No âmbito do poder estadual, o edital para seleção de projetos de produção audiovisual e de desenvolvimento de roteiros para obras audiovisuais é o maior da Lei Paulo Gustavo no Paraná, com um fomento de R$ 49.018.503,71 exclusivamente na área artístico-cultural do audiovisual. Isso equivale a aproximadamente 50% do montante total de R$ 98,4 milhões destinados a projetos fomentados pelo Estado.
Os valores de fomento, no entanto, são baixos tendo em vista os altos custos da produção fílmica no Brasil. O custo médio de produção cinematográfica atualmente gira em torno de R$ 9 milhões. Os editais de fomento ajudam, mas não suprem o grande volume de profissionais e produtoras do audiovisual.
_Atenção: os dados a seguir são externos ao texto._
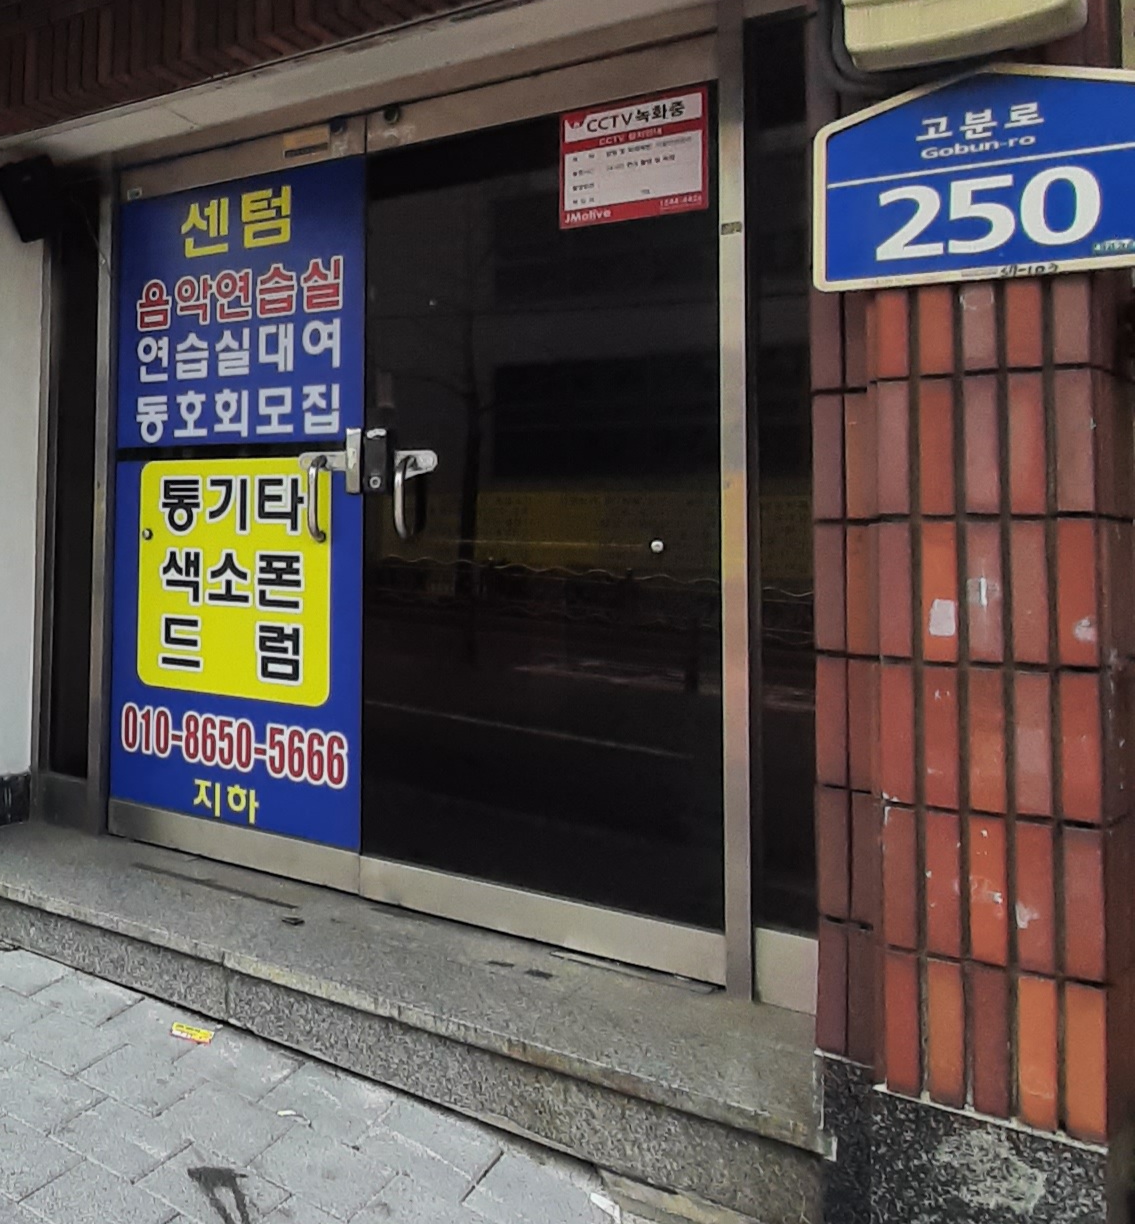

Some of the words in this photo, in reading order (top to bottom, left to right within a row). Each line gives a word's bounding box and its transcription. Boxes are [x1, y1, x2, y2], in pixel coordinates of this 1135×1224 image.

Mesmo em cenário fragilizado, produtores enxergam o futuro com otimismo. “Precisa de mais investimento para que possamos crescer enquanto indústria. O mercado tem seus altos e baixos, mas parece que está fluindo”, diz Bruno Costa, que reforça a necessidade de mais investimento, mas tem olhar positivo para o futuro. “Temos centenas de desafios, mas me parece que é um momento promissor. Vejo várias produções sendo rodadas em Curitiba, curtas e longas de cineastas locais e também de produtoras de outros estados trazendo seus filmes para rodar aqui”, conclui o diretor.
O FUTURO EM CENA
A estudante Vivian Cardoso, veterana do curso de Cinema e Audiovisual da PUCPR, ressalta a necessidade de um equilíbrio entre a veia artística e a viabilidade comercial das produções. “Temos algumas produtoras que estão conseguindo fazer isso muito bem, mas principalmente para quem está entrando no mercado, é difícil pensar em como executar essa obra”, diz a estudante, que tem previsão de graduação para o final de 2024, junto com a primeira turma de Cinema da instituição.
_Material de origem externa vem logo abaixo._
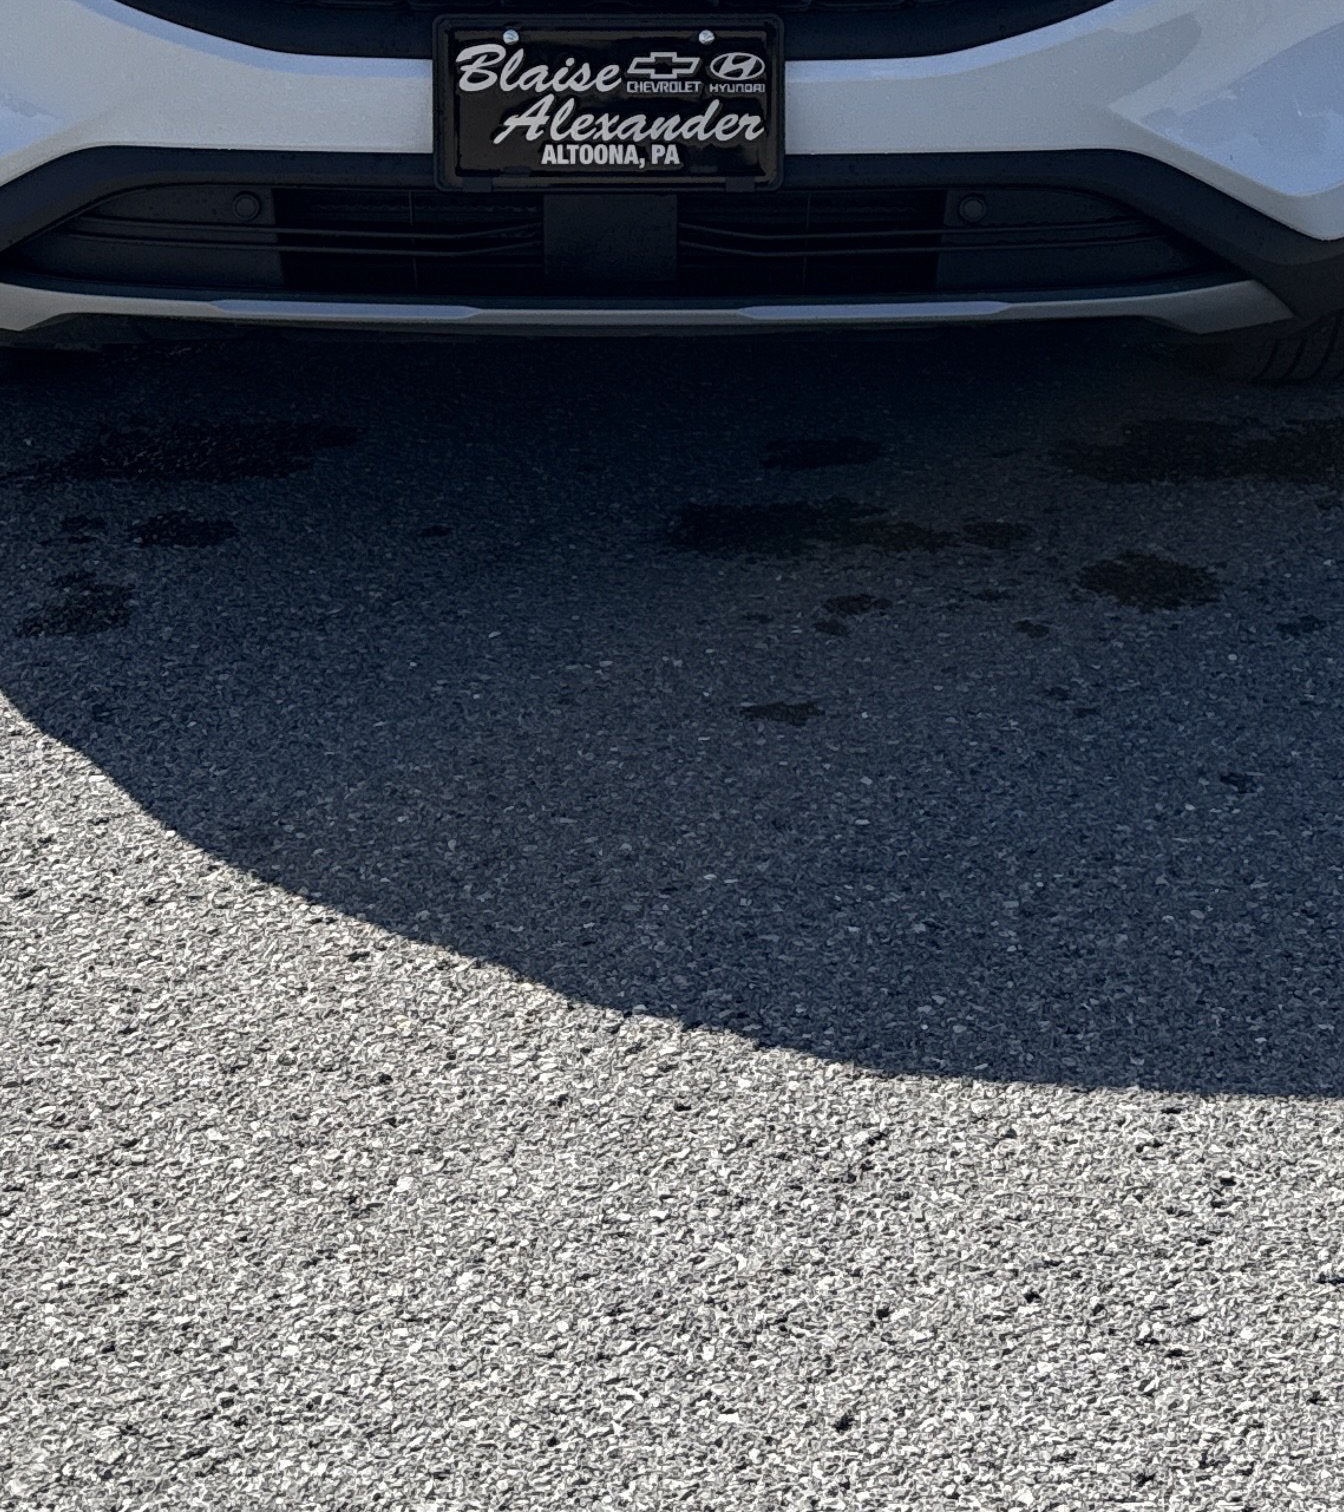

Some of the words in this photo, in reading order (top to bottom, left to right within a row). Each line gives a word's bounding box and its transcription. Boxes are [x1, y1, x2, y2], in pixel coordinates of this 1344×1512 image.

[456, 43, 622, 93] Blaise
[626, 80, 700, 93] CHEVROLET
[709, 83, 766, 93] HYUNDAI
[493, 93, 765, 144] Alexander
[541, 144, 646, 168] ALTOONA,
[651, 144, 681, 165] PA
Vivian expressa uma preocupação comum entre os novos profissionais do cinema paranaense: a insegurança quanto ao tempo necessário para começar a trabalhar com remuneração adequada. “Eu fico insegura porque é um processo que não sei quanto tempo vou demorar para começar a trabalhar de fato com cachê, porque tem muitos trabalhos que a gente faz sem receber”, afirma Vivian. Essa incerteza reflete a realidade de muitos cineastas emergentes, que enfrentam a dificuldade de encontrar oportunidades remuneradas em um mercado competitivo e ainda em recuperação dos impactos da pandemia.
Apesar dos desafios, a estudante enxerga um futuro promissor para o cinema paranaense, desde que haja um esforço coordenado para enfrentar as dificuldades atuais. A formação contínua, a visibilidade proporcionada por festivais e um sistema de fomento mais justo e eficiente são, para a estudante, elementos essenciais para a recuperação e crescimento do setor.
Vivian conclui com um otimismo cauteloso: “Eu acho que o processo acaba sendo mais lento, mas acredito que com a disposição e iniciativas tanto de novos talentos quanto de veteranos, o cinema paranaense pode se fortalecer e ganhar ainda mais destaque.”
Apesar dos desafios enfrentados nos últimos anos, há um sentimento de otimismo entre os profissionais do setor audiovisual no Paraná. Com a resiliência dos cineastas locais e o apoio das políticas públicas, há uma expectativa, mesmo que cautelosa, de que o cinema paranaense floresça nos próximos anos.